Zensu is a two player strategy game in which you move pieces around a 6x9 game board in an attempt to outmanoeuvre your opponent. Each piece can move in any one of four directions, and jump over other pieces, turning this simple strategy game into a battleground.
The aim of Zensu is to break through the front line of your opponents pieces and cross into their home territory, the first player to accomplish this wins the game. Each piece has the ability to move a certain number of spaces forward, left, right and backwards, adding to the game's complexity. By manoeuvring your pieces around the board you can “jump” enemy pieces and remove them from the board. To win you must remove enemy pieces and get one of your pieces into your opponent's home territory.

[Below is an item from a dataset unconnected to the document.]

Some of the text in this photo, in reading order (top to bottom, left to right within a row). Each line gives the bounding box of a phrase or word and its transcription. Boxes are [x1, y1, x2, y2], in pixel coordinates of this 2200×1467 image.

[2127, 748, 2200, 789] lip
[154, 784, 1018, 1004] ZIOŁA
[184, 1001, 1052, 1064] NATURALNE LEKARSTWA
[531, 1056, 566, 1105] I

The set up for Zensu is quick and easy; you unfold a simple 6x9 game board and place two sets of pieces on the board, green and red - one colour for each player. Each player also has two types of piece: the ‘1’ tiles create your front line and the ‘2’ tiles occupy a second row, your home territory. The front row pieces can move forward one space at a time, while the rear row can move forward two spaces at a time. Once you know what you’re doing this whole setup should take less than a minute.

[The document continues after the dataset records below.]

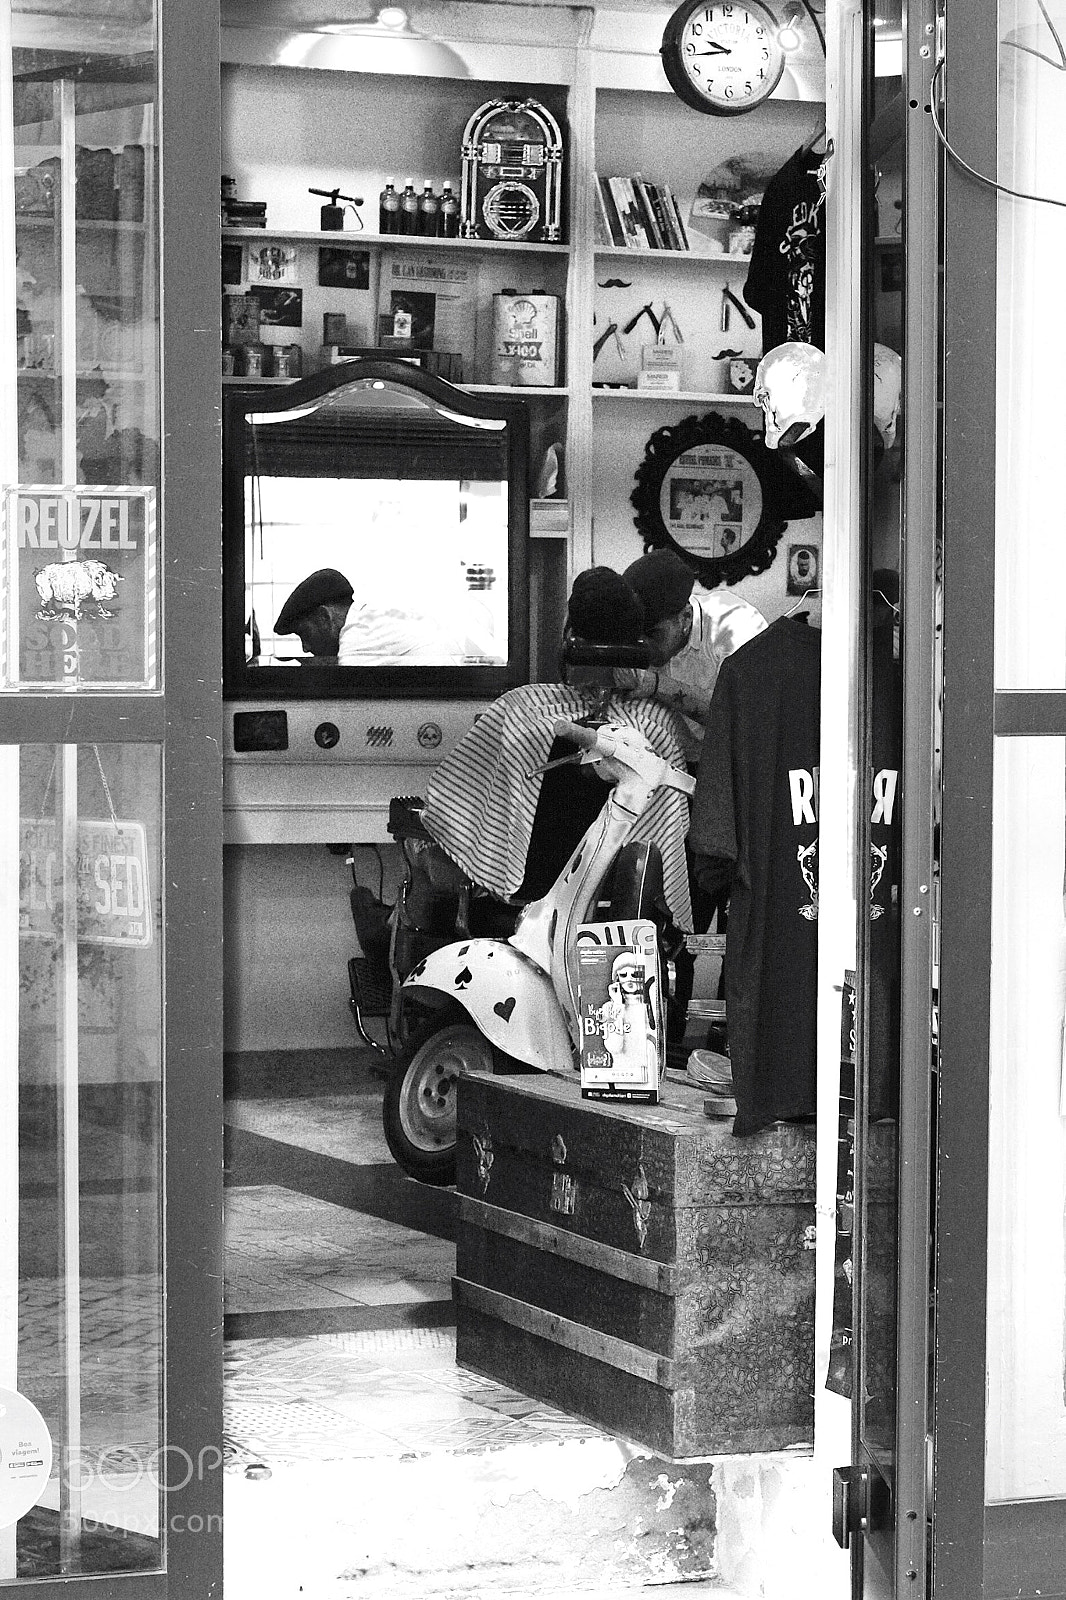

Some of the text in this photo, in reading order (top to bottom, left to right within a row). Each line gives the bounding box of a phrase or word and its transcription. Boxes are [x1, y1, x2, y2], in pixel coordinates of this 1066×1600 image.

[705, 9, 713, 22] 11
[723, 4, 733, 17] 12
[745, 12, 749, 24] 1
[692, 23, 703, 36] 10
[755, 26, 764, 40] 2
[685, 43, 696, 57] 9
[761, 47, 769, 61] 3
[692, 63, 701, 77] 8
[718, 65, 742, 73] LONDON
[755, 67, 765, 79] 4
[706, 79, 714, 92] 7
[724, 85, 734, 98] 6
[744, 81, 752, 95] 5
[17, 498, 137, 550] REUZEL
[584, 1016, 631, 1040] Bigode

Players then take it in turns to move the pieces according to the numbers drawn on each tile. Any time an opponent's piece is jumped over or landed on that piece is captured and removed from the board. This sounds straightforward, but pieces can move a certain number of spaces in any direction. This means that players need to be aware of each piece's surroundings and consider how they want to attack and defend.
The aim of the game is to manoeuvre one of your pieces across an opponent's front line and into their home territory, which is marked on the board by a unique row of squares. Once a player crosses into an opponent's home territory the game is over and that player wins.
At first Zensu seems like a simple game, and to some extent it is. The instructions are well written and easy to understand. The pieces feature arrows and numbers indicating the direction and number of spaces they can move; which means you are unlikely to forget the basic mechanics of the game.
The depth of the game comes from the multi-directional movement of the pieces. During early playthroughs it is easy to fall victim to silly mistakes and lose a piece, or miss a prime opportunity to capture an opponent's. Likewise, a game of Zensu can be slow to get going; each player must spend time manoeuvring their pieces into position. However, once players get a feel for the game it offers an opportunity to explore a range of strategies. You can take a defensive stance and try to lure an opponent into making a mistake, or you can be aggressive and try to control as much of the board as you can. Both approaches can work, and the fun of Zensu lies in figuring out which approach works best.
It is hard not to compare Zensu to some of the classic strategy board games, such as Draughts and Chess. It has more depth than the former; some pieces can move up to four squares at a time and move in multiple directions. But it can be much simpler than the latter; it only has two main types of pieces compared with the standard six used in Chess. Zensu definitely lies between these two extremes.
The simplicity of Zensu is its outstanding feature, however it can also be its biggest disadvantage. After enough playthroughs winning strategies begin to emerge which can lead to slightly repetitive gameplay. For some people that will be fine, but for others they may develop a desire for more complicated strategy games.
Overall, there is nothing bad about Zensu, however after a few playthroughs it can be difficult to find something spectacular. It is a simple, easy to learn and enjoyable board game. However, it feels like a game caught between two worlds; a straightforward piece moving game and a complex strategy game. If you’re looking for something in between those examples then Zensu is ideal, but be aware that you might feel the need to graduate to something more complicated over time.